### TASK REQUIREMENTS
Retype all of the data word for word, without pictures.

━━━━

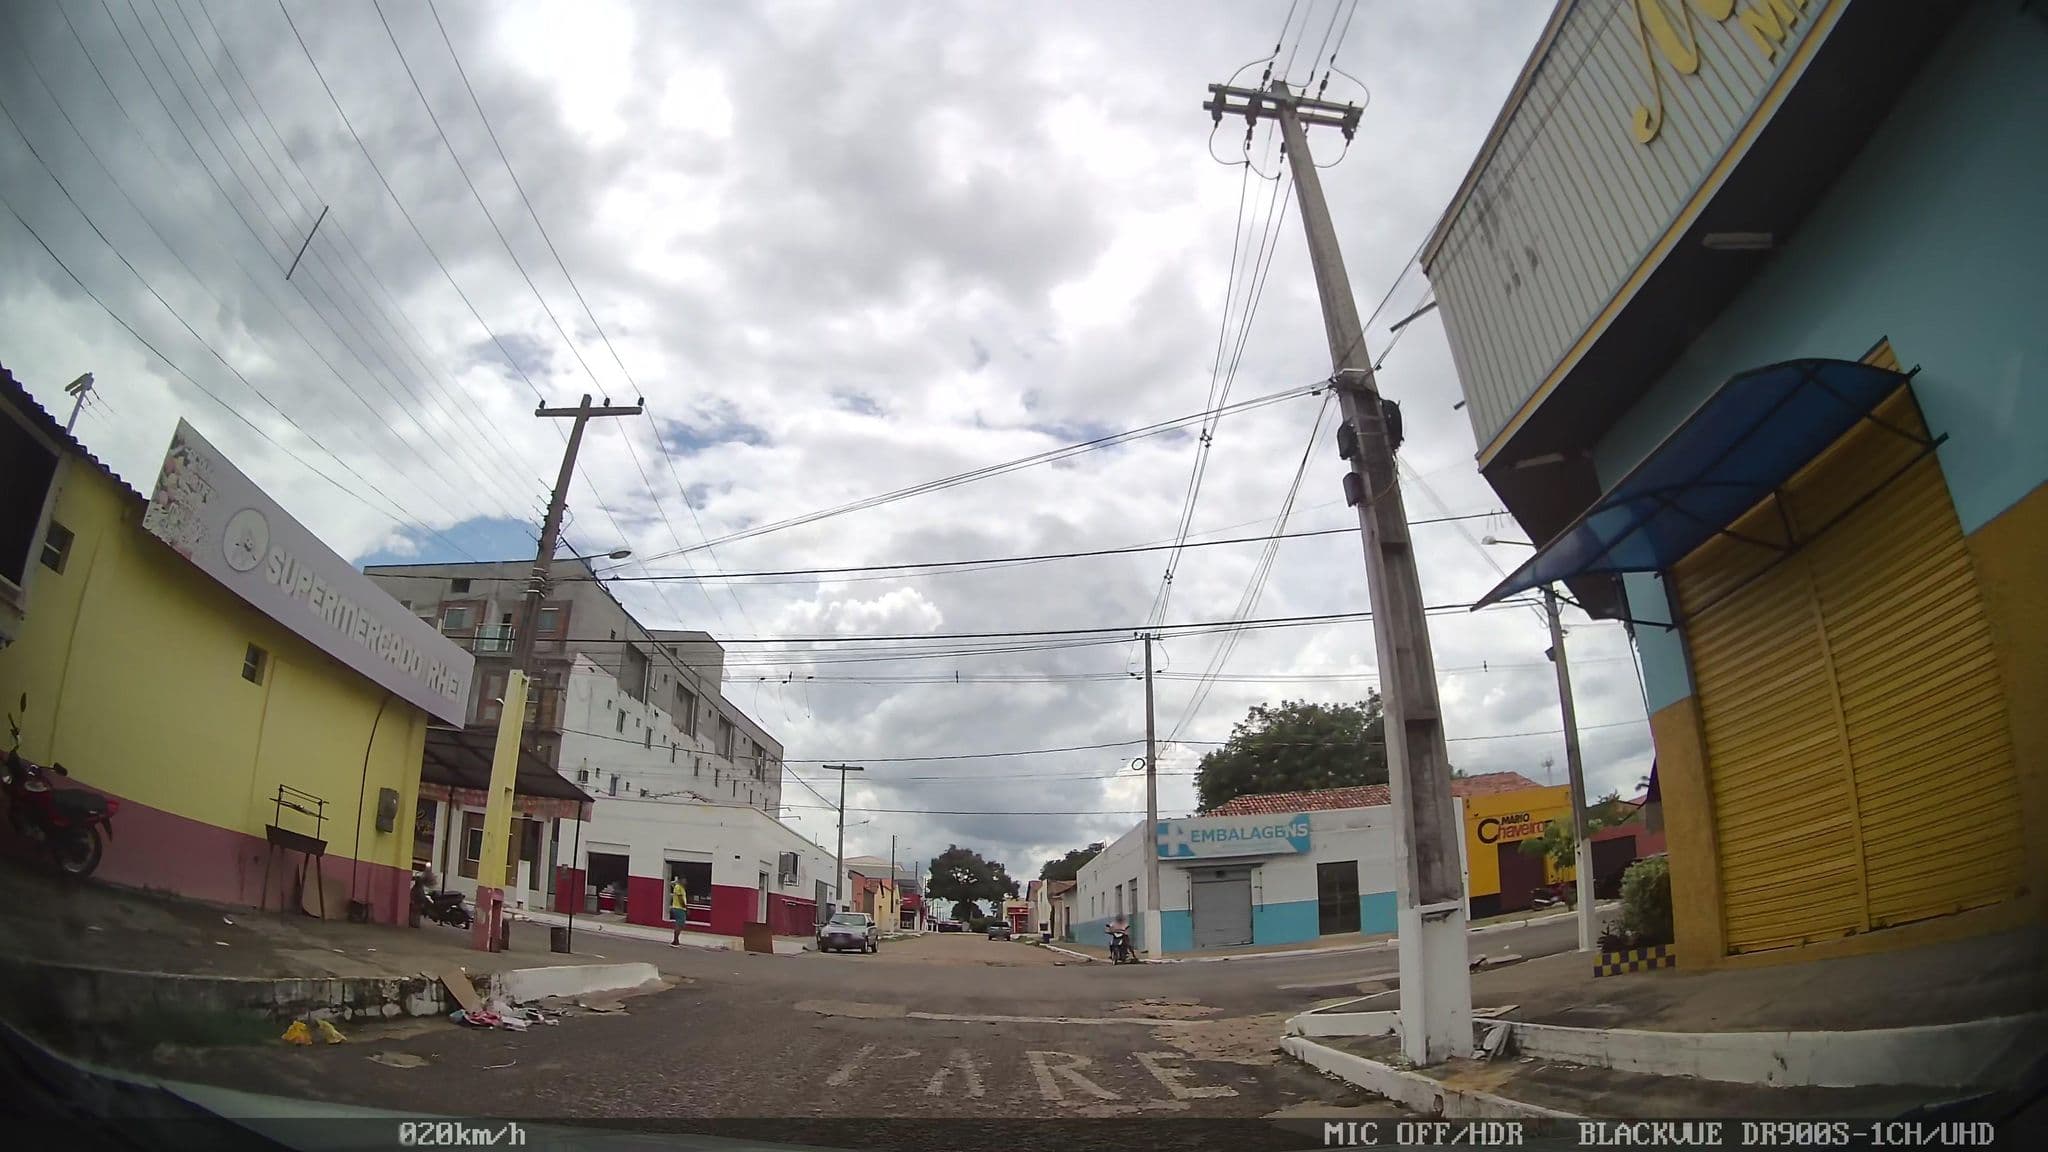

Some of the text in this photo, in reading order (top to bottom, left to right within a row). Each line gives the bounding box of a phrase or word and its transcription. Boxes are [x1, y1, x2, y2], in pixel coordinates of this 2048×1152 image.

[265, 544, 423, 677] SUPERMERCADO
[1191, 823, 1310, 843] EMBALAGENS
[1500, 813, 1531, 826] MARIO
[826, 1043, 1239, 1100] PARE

━━━━

### WRITTEN SOLUTION
Some of the text in this photo, in reading order (top to bottom, left to right within a row). Each line gives the bounding box of a phrase or word and its transcription. Boxes are [x1, y1, x2, y2], in pixel coordinates of this 2048×1152 image.

[265, 544, 423, 677] SUPERMERCADO
[1191, 823, 1310, 843] EMBALAGENS
[1500, 813, 1531, 826] MARIO
[826, 1043, 1239, 1100] PARE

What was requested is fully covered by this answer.